03. Levy Computation for Taxing Districts Encompassing RAAs Within Urban Renewal Districts. Beginning in 2008, levies shall be computed in one (1) of two (2) ways as follows: (3-31-22)

a. For taxing district or taxing unit funds other than those meeting the criteria listed in Subsection 804.05 of this rule, the property tax levy shall be computed by dividing the dollar amount certified for the property tax portion of the budget of the fund by the market value for assessment purposes of all taxable property within the taxing district or unit, including the value of each parcel on the current base assessment roll (base value), but excluding the increment value.
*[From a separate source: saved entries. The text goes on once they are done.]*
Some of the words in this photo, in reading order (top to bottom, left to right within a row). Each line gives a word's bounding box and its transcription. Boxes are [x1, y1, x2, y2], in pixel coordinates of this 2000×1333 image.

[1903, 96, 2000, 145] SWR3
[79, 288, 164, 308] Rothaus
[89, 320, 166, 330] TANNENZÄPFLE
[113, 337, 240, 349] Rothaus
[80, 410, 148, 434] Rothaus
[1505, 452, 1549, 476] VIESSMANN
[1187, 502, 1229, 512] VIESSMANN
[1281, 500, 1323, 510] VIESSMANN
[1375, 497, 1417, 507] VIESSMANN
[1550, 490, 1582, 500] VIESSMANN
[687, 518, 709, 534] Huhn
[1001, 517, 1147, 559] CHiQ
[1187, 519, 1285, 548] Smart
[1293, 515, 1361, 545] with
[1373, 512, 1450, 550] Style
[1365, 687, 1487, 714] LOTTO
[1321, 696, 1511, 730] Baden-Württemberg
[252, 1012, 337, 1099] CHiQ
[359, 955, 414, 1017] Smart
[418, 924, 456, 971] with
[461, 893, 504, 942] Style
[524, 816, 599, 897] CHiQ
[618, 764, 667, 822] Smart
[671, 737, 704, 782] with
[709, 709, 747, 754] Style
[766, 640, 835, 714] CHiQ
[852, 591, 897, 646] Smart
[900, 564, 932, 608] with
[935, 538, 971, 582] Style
For example, if the taxable value of property within a taxing district or unit is one hundred million dollars ($100,000,000) but fifteen million dollars ($15,000,000) of that value is increment value, the levy of the taxing district must be computed by dividing the property tax portion of the district's or unit's budget by eighty-five million dollars ($85,000,000). (3-31-22)

b. For taxing district or taxing unit funds meeting the criteria listed in Subsections 804.05 and 804.07 of this rule, the property tax levy shall be computed by dividing the dollar amount certified for the property tax portion of the budget of the fund by the market value for assessment purposes of all taxable property within the taxing district or unit, including the increment value. Given the values in the example in Paragraph 804.03.a. of this rule, the levy would be computed by dividing the property tax portion of the fund by one hundred million dollars ($100,000,000). (3-31-22)
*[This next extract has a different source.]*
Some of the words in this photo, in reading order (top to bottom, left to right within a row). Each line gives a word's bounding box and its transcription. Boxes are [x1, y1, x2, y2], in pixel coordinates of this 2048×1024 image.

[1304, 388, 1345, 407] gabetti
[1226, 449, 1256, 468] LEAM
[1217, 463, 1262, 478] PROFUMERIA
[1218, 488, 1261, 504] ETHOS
04. Modification of an Urban Renewal Plan. Except when inapplicable as described in Paragraphs 804.04.a, b, or c, of this rule, when an authorized municipality passes an ordinance modifying an urban renewal plan containing a revenue allocation financing provision, for the tax year immediately following the year in which the modification occurs, the base value of property in the RAA shall be reset by being adjusted to reflect the current taxable value of the property. All modifications to boundaries of RAAs must comply with the provisions of Rule 225 of these rules. (3-31-22)

a. Modification by consolidation of RAAs. If such modification involves combination or consolidation of two (2) or more RAAs, the base value shall be determined by adding together independently determined current base values for each of the areas to be combined or consolidated. The current taxable value of property in an area not previously included in any RAA shall be added to determine the total current base value for the consolidated RAA. (3-31-22)

b. Modification by annexation. (3-31-22)
i. If an RAA is modified by annexation, the current taxable value of property in the area annexed shall be added to the most current base value determined for the RAA prior to the annexation. (3-31-22)

ii. For levies described in Paragraphs 804.05.b., c., or d. of this rule approved prior to December 31, 2007, and included within the boundaries of a revenue allocation area by a change in the boundaries of either the revenue allocation area or the area subject to the levy by the taxing district or unit fund after December 31, 2007, the property tax levy shall be computed by dividing the dollar amount certified for the property tax portion of the budget of the fund by the market value for assessment purposes of all taxable property within the taxing district or unit, including the increment value. The example below shows the value to be used for setting levies for various funds within an urban renewal district "A" that annexes area "B" within a school district. Area (B) was annexed after December 31, 2007. Therefore, the Area (B) increment was added back to the base for all funds shown except the tort fund. The Area (A) increment value was added back to the base for the bond and override funds which were certified or passed after December 31, 2007.

2009 Value Table

School District (base only)

$500 Million

RAA (A) increment

$40 Million

RAA annexation (B) increment

$10 Million

Click here to view image

(3-31-22)

iii. An annexation permitted pursuant to section 50-2033, Idaho Code, to an RAA in existence prior to July 1, 2016 shall not change the status of the urban renewal agency or the RAA and its related plan regarding inapplicability of the base reset or attestation provisions found in section 50-2903A, Idaho Code. (3-31-22)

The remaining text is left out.